X-Men: First Class

Here's what I liked about X-Men: First Class: Michael Fassbender's charismatic performance, and a plethora of attractive actresses (Jennifer Lawrence, Rose Byrne, Zoe Kravitz, and January Jones, even if Jones can't act). Here's what I didn't like about the movie: almost everything else.

I can usually tell when a movie isn't working for me by how often I check my watch, and I was checking it almost every ten minutes. This film was a dull slog, and is actually worse than Brett Ratner's third installment, which makes it the worst of the lot. It's bad for different reasons, though--it's just plain boring.

I haven't been overwhelmed by any of the X-Men films, and to take away the one breakaway star of those films (as he was in the comics) Hugh Jackman as Wolverine, is a fatal misstep (he appears in a very short, amusing cameo). First Class is full of so much exposition, so much "who are you and what is your power" that the director and screenwriters almost forgot to include any action scenes.

This is a prequel, an explanation of how Charles Xavier and Eric Lensherr (James McAvoy and Fassbender) became acquainted as allies, and then became enemies under the names Professor X and Magneto. Some other familiar X-Men are on hand, such as Beast, Mystique, Emma Frost and several others who, while doing some Wikipedia work, I see all exist in the Marvel Universe. But like X3, there are so many of these dang mutants, some of them with vague powers, that it all becomes a blur.

The action is set in 1962, and the villain is Sebastian Shaw, a powerful mutant played by Kevin Bacon, chewing the scenery as if he were the baddie in a bad James Bond film. He is able to manipulate the Americans and Russians into the Cuban missile crisis, in the hopes that normal people wipe each other out and leave the Earth to mutants. It seems like a badly-thought out plan, and I couldn't help but wonder where he was getting his money to build his own custom submarine.

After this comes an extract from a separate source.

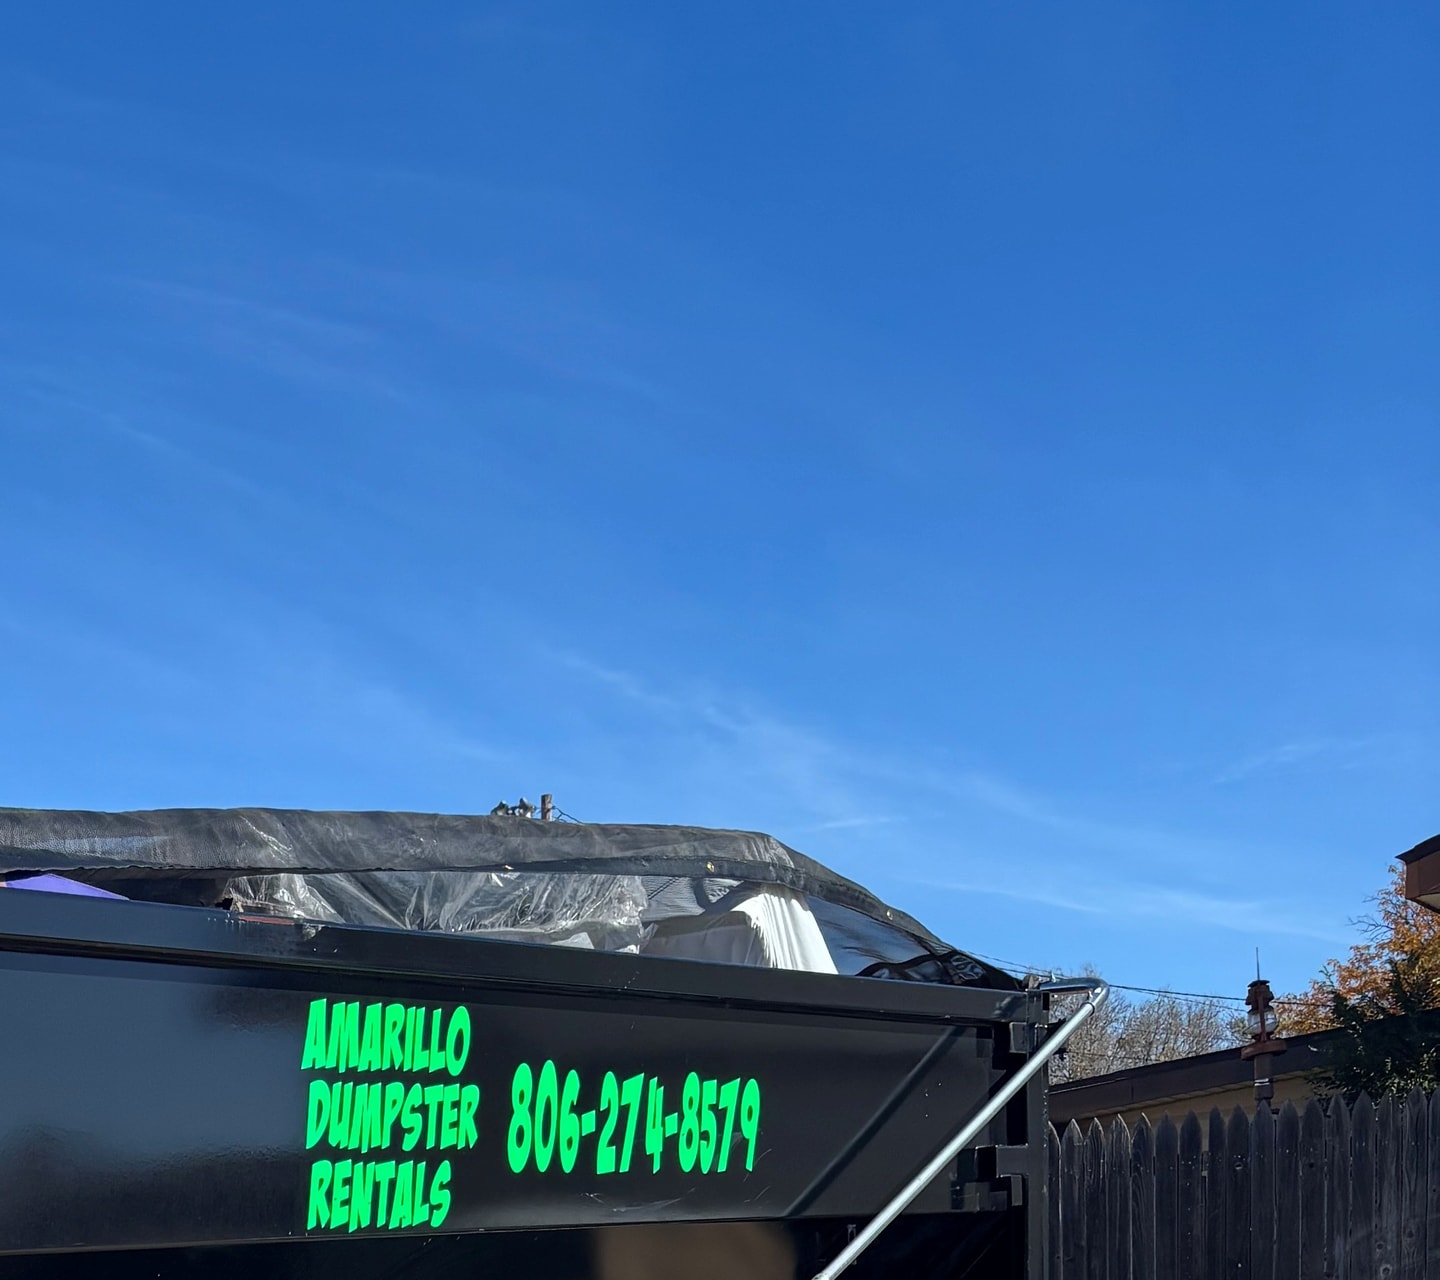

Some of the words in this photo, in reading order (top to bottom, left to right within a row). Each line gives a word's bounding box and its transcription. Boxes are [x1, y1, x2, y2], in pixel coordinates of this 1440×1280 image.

Fassbender and McAvoy team up to stop him, and the climax at the blockade line around Cuba has some nice suspense, as does the final showdown between Fassbender and Bacon. But it's a long wait to get there, with a lot of empty "be who you are" stuff. I've always maintained that the writers of the X-Men comic books were substituting mutants for homosexuals, and that was reinforced by hearing Hank McCoy (who becomes the Beast), say about his mutantism, "You didn't ask, I didn't tell."

Some of the special effects work, but some of them are unbelievably cheesy. The Beast's makeup is atrocious, and he looks like someone in a bad blue werewolf Halloween costume.

Fassbender is terrific, though, and I continue to be impressed by his presence. He would make a great James Bond. I did wonder, though, why a man from Eastern Europe has an Irish accent.